### Exercise objective
In full and exactly, reproduce the entries below, but omit the pictures.

### Data listing
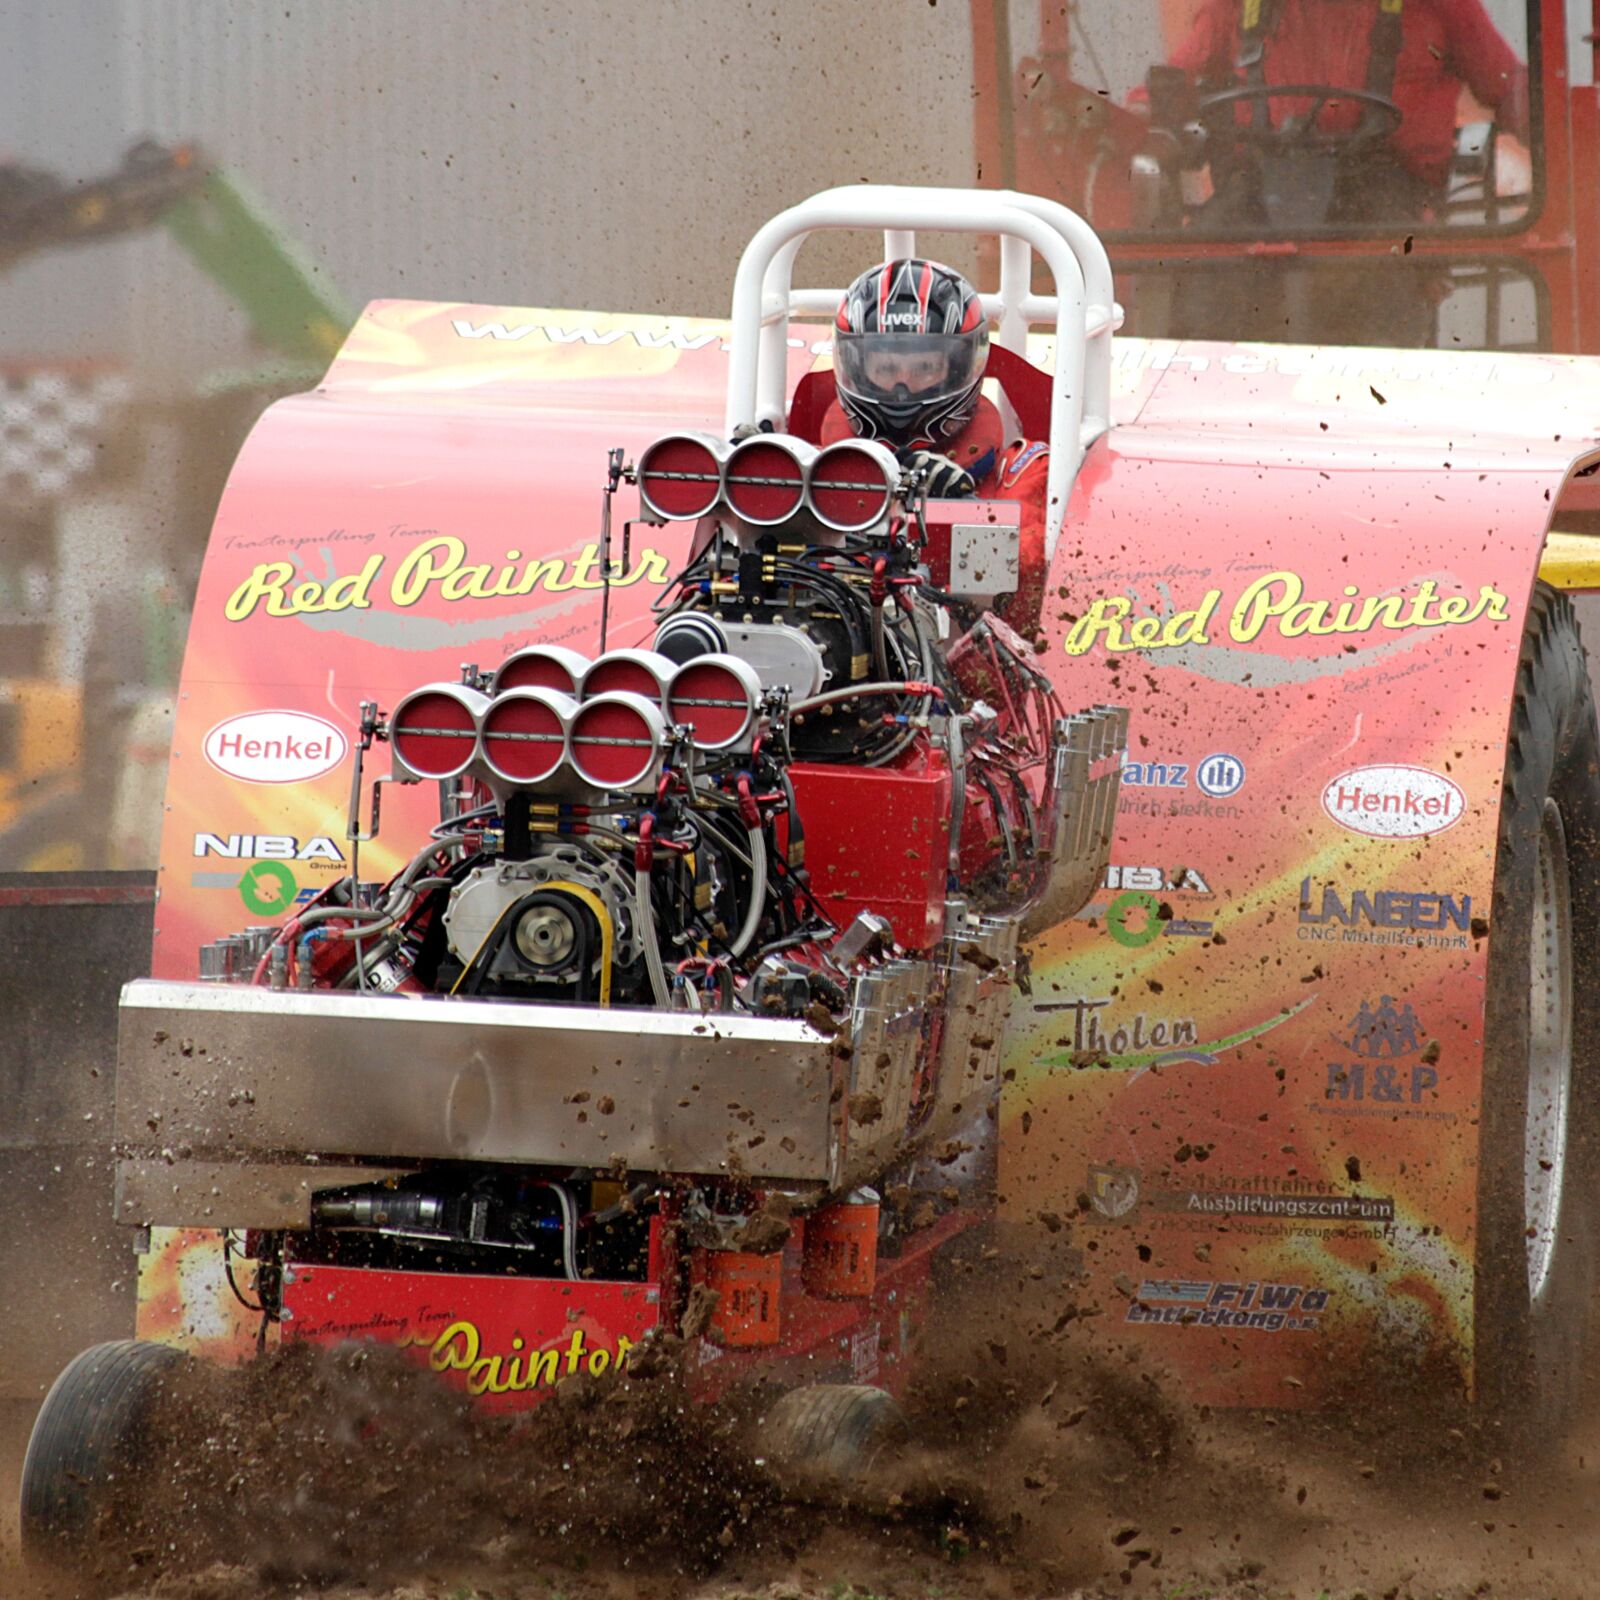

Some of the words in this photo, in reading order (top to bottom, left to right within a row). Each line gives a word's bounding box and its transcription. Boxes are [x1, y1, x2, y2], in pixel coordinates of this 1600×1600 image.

[881, 312, 923, 326] uvex
[224, 554, 384, 621] Red
[390, 536, 669, 607] Painter
[1063, 588, 1222, 657] Red
[1228, 570, 1509, 643] Painter
[218, 733, 333, 760] Henkel
[1121, 761, 1190, 787] anz
[1336, 786, 1452, 816] Henkel
[192, 832, 347, 861] NIBA
[309, 862, 348, 871] GmbH
[1102, 865, 1214, 893] IBA
[1298, 874, 1472, 931] LANGEN
[1296, 926, 1337, 941] CNC
[1033, 999, 1198, 1055] Tholen
[1208, 1281, 1329, 1311] Fiwa

### Answer space
Some of the words in this photo, in reading order (top to bottom, left to right within a row). Each line gives a word's bounding box and its transcription. Boxes are [x1, y1, x2, y2], in pixel coordinates of this 1600×1600 image.

[881, 312, 923, 326] uvex
[224, 554, 384, 621] Red
[390, 536, 669, 607] Painter
[1063, 588, 1222, 657] Red
[1228, 570, 1509, 643] Painter
[218, 733, 333, 760] Henkel
[1121, 761, 1190, 787] anz
[1336, 786, 1452, 816] Henkel
[192, 832, 347, 861] NIBA
[309, 862, 348, 871] GmbH
[1102, 865, 1214, 893] IBA
[1298, 874, 1472, 931] LANGEN
[1296, 926, 1337, 941] CNC
[1033, 999, 1198, 1055] Tholen
[1208, 1281, 1329, 1311] Fiwa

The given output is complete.